2.3. Statistical Analysis

The relations between DRD4 Ex3, DRD2 rs1076560, DRD2 Tag1D rs1800498, DRD2Tag1B rs1079597, DRD2 Ex8 rs6276, DRD2 PROM. rs1799732, ANKK1 Tag1A rs1800497, DAT1 variants, in control subjects with dependence on stimulants and the occurrence of mental disorders were tested with the chi square test. No statistically significant associations were found between the polymorphism of the DRD2 rs1076560, DRD2 Tag1D rs1800498, DRD2Tag1B rs1079597, DRD2 Ex8 rs6276, DRD2 PROM.rs1799732, ANKK1 Tag1A rs1800497, DAT genes, and psychiatric disorders in patients addicted to stimulants and in the control group. In the study group, further analysis of the relationship between mental disorders was performed only for the DRD4 Ex3 gene polymorphism. In that case, the chi square test was also used. For these variables, the Bonferroni multiple comparisons correction was applied, and the accepted level of significance was 0.0045 (0.05/11). All computations were performed using STATISTICA 13 (Tibco Software Inc, Palo Alto, CA, USA) for Windows (Microsoft Corporation, Redmond, WA, USA).

3. Results

Significant differences were found in the DRD4 Ex3 polymorphism for addiction-stimulating substances and the control group genotypes (s/l 0.31 vs s/l 0.33, s/s 0.65 vs. s/s 0.59, l/l 0.04 vs. l/l 0.09, χ2 = 6.27, p = 0.043) and the frequency of DRD4 Ex3 alleles (s 0.81 vs. s 0.75, l 0.19 vs. l 0.25, χ2 = 5.05, p = 0.025). Statistically significant differences were also found only in the frequency of the DRD2 PROM allele rs1799732 between addiction-stimulating substances and control groups (del 0.15 vs. del 0.11, ins 0.85 vs. ins 0.89, χ2 = 5.07, p = 0.024). For other gene polymorphisms (DRD2 rs1076560, DRD2 Tag1D rs1800498, DRD2Tag1B rs1079597, DRD2 Ex8 rs6276, ANKK1 Tag1A rs1800497, DAT1) and their allele distribution, no significant statistical differences were found (Table 2).
By comparing the frequency of occurrence of particular mental disorders between people addicted to stimulants and people dependent on other psychoactive substances, statistically significant differences were shown only in the frequency of psychotic disorders. Psychotic disorders occurred more frequently in people addicted to stimulants (0.49 vs. 0.22, χ2 = 13.24, p = 0.0003, Table 3).
A relationship was found between the presence or absence of psychotic disorders (the study group and the control group in total n = 601) and the polymorphism of the DRD4 Ex3 genotype (s/l 0.25 vs. s/l 0.34, s/s 0.72 vs. s/s 0.59, l/l 0.03 vs. l/l 0.07, χ2 = 7.19, p = 0.027) and the frequency of DRD4 Ex3 alleles (s 0.84 vs. s 0.76, l 0.16 vs. l 0.24, χ2 = 7.72, p = 0.006).
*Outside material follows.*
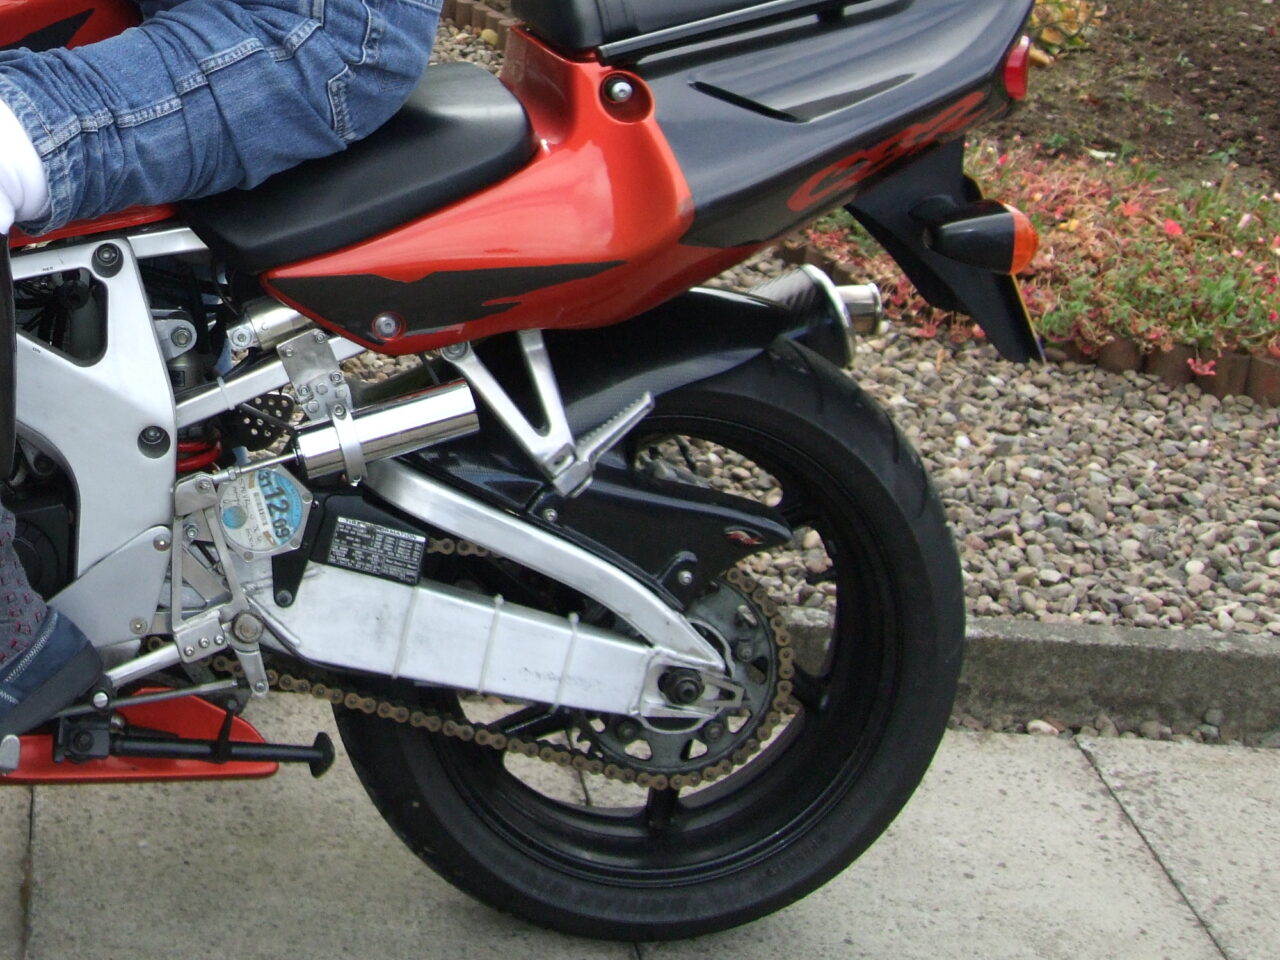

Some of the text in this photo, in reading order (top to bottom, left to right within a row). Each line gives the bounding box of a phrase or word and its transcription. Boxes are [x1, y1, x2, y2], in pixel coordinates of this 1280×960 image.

[258, 471, 272, 489] 31
[264, 486, 290, 518] 12
[272, 518, 291, 539] 09
A relationship was also found between the presence of generalized anxiety or its absence and polymorphism of the DRD4 Ex3 genotype (s/l 0.22 vs. s/l 0.33, s/s 0.78 vs. s/s 0.59, l/l 0.00 vs. l/l 0.07, χ2 = 10.57, p = 0.005) and the frequency of DRD4 Ex3 alleles (s 0.89 vs. s 0.76, l 0.11 vs. l 0.24, χ2 = 11.40, p = 0.0007). However, only significant differences were found for the frequency of the DRD4 Ex3 allele in people with a diagnosed depressive episode (s 0.84 vs. s 0.77, l 0.16 vs. l 0.23, χ2 = 4.02, p = 0.045) and dysthymia (s 0.86 vs. s 0.77, l 0.14 vs. l 0.23, χ2 = 4.71, p = 0.03) compared to people without those mental disorders. After the Bonferroni correction was applied, a relationship was also found between the presence of generalized anxiety or its absence and the polymorphism of the DRD4 Ex3 alleles (Table 4).

4. Discussion

The initial consideration in our research was an assessment of the prevalence of certain polymorphisms in candidate genes in people addicted to multiple substances, including stimulants. We also investigated the presence of psychiatric disorders in people addicted to multiple substances, including stimulants, versus people addicted to multiple psychoactive substances.
An additional factor conditioning the clinical picture is the type of substance used by the patient. In our opinion, the most interesting result of the analyses is that psychotic disorders occurred more frequently in the study group of patients with polysubstance addiction, including addiction to stimulants, compared to the control group of patients with polysubstance addiction, but without addiction to stimulants (Table 3). Stimulants cause hallucinations and a delusional interpretation of reality, even in mentally healthy people. Stimulants are among the most popular psychoactive drugs used by people diagnosed with psychosis. Stimulants may cause psychotic states similar to schizophrenia in mentally healthy people or exacerbate symptoms of pre-existing psychoses. The symptoms include paranoid states and may recur in the form of flashbacks after long periods of abstinence [33,34].
Following the literature and the statement of “common susceptibility”, for our analyses, we chose polymorphisms of genes associated with dopaminergic receptors and transporters. A significantly increased prevalence of substance use disorders in people diagnosed with psychotic disorders compared to general population is well confirmed by research. Theories explaining the comorbidity of addiction and schizophrenia include the primary addiction or ”shared vulnerability” hypothesis of shared genetic and environmental risk factors and neurobiological dysfunctions within the meso-cortico-limbic dopamine system, which predisposes to schizophrenia but also to substance use disorder [35]. This hypothesis proposes that the genetic determinants of risk for the occurrence of schizophrenia predispose to substance use disorder which, in turn, serves as a risk factor for the development of schizophrenia symptomatology [36].
Genetic factors were studied in regard to susceptibility to the development of schizophrenia and co-occurring substance use disorder. It was also confirmed that polygenic risk scores for schizophrenia are associated with cannabis use, cocaine use, nicotine use, and severe alcohol use [37]. Since such a strong genetic correlation was found, our first analysis was justified.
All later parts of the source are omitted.